_REQUIRED ACTION_
Only the text belongs in the copy: repeat each record exactly, without pictures.

Text-to-region grounding data:
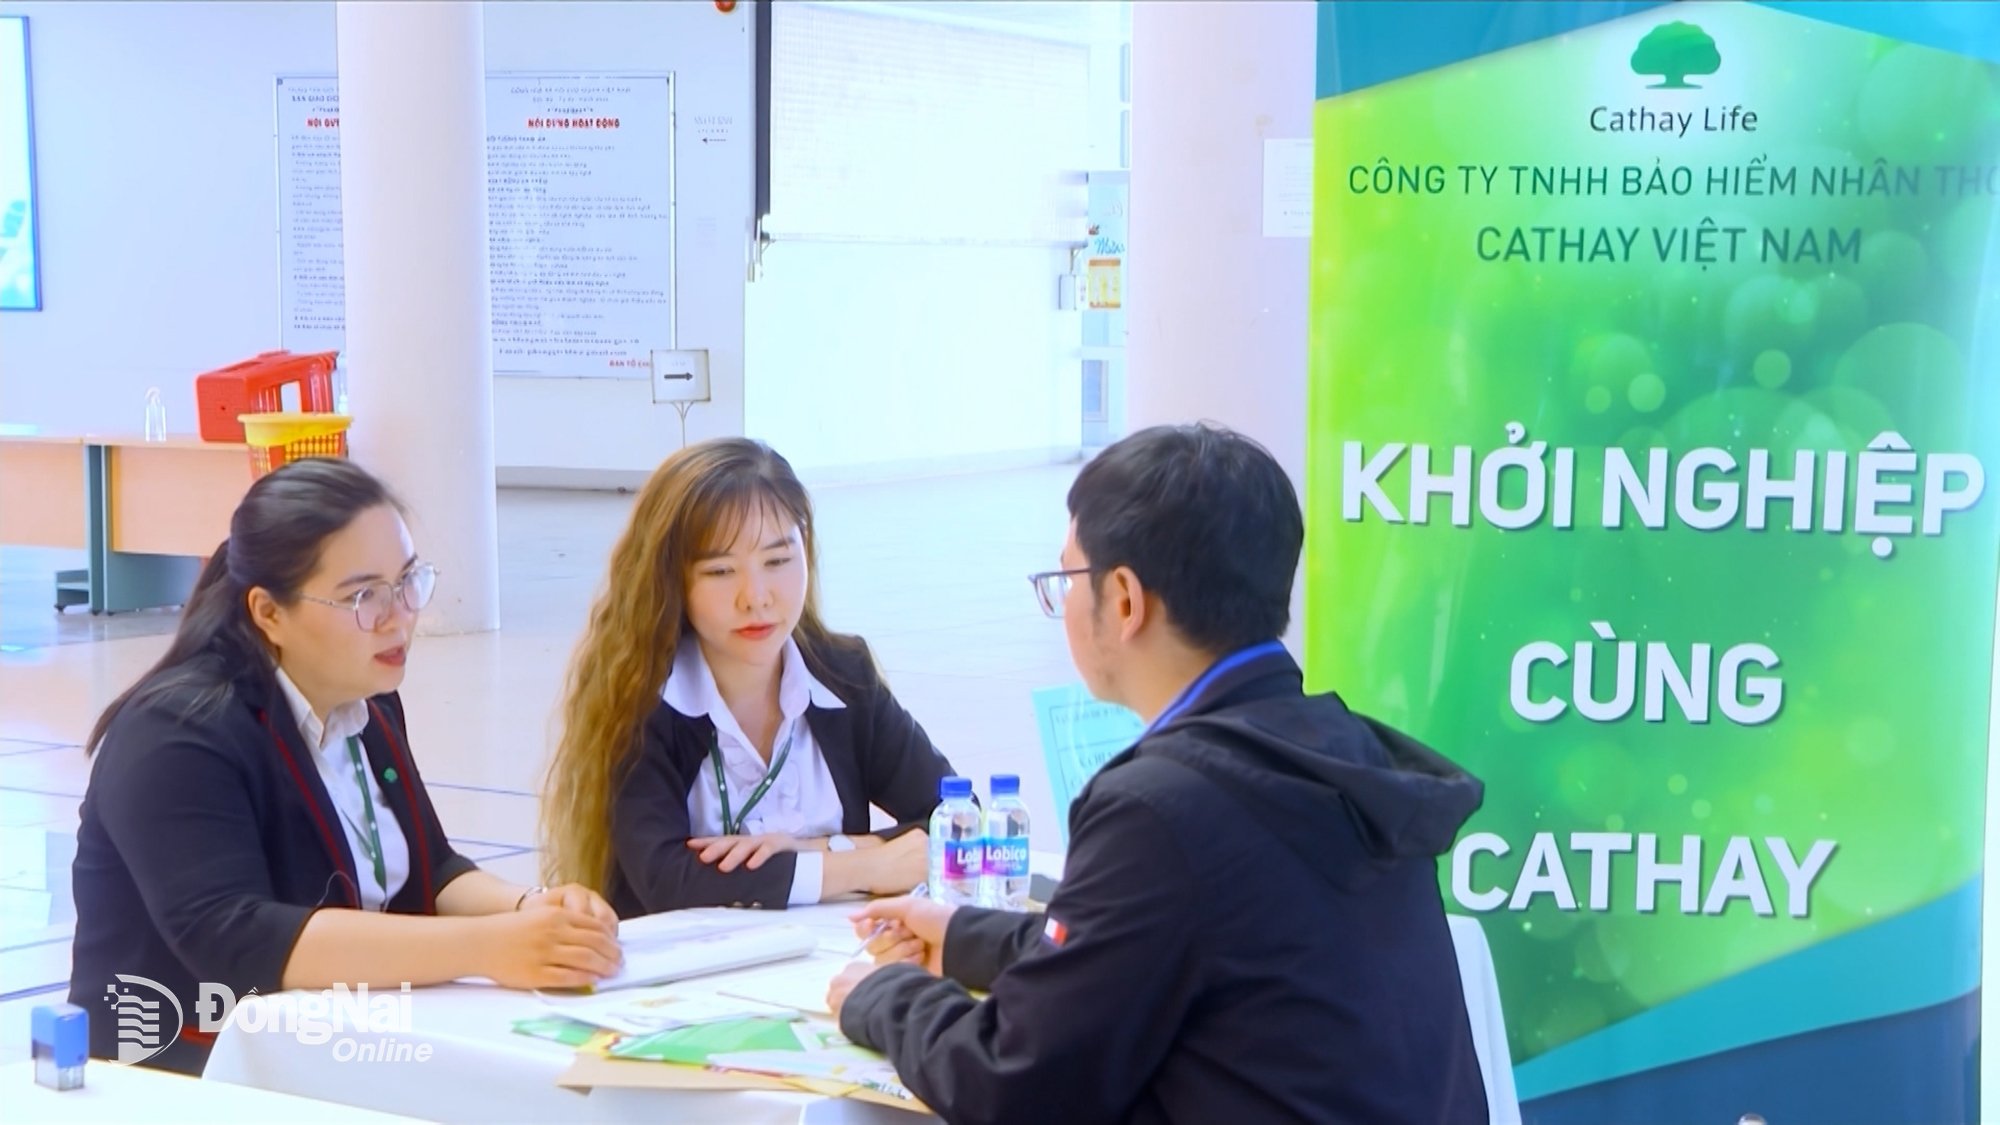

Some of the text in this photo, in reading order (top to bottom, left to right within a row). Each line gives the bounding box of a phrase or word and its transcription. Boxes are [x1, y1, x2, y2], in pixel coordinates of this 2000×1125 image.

[1590, 105, 1758, 139] Cathay Life
[1348, 157, 1446, 195] CÔNG
[1458, 166, 1498, 195] TY
[1509, 166, 1608, 196] TNHH
[1621, 156, 1693, 196] BẢO
[1706, 153, 1798, 197] HIỂM
[1811, 157, 1921, 197] NHÂN
[1476, 216, 1862, 271] CATHAY VIỆT NAM
[1342, 421, 1986, 558] KHỞI NGHIỆP
[1509, 620, 1785, 725] CÙNG
[1450, 831, 1839, 919] CATHAY

_ANSWER BELOW_
Some of the text in this photo, in reading order (top to bottom, left to right within a row). Each line gives the bounding box of a phrase or word and its transcription. Boxes are [x1, y1, x2, y2], in pixel coordinates of this 2000×1125 image.

[1590, 105, 1758, 139] Cathay Life
[1348, 157, 1446, 195] CÔNG
[1458, 166, 1498, 195] TY
[1509, 166, 1608, 196] TNHH
[1621, 156, 1693, 196] BẢO
[1706, 153, 1798, 197] HIỂM
[1811, 157, 1921, 197] NHÂN
[1476, 216, 1862, 271] CATHAY VIỆT NAM
[1342, 421, 1986, 558] KHỞI NGHIỆP
[1509, 620, 1785, 725] CÙNG
[1450, 831, 1839, 919] CATHAY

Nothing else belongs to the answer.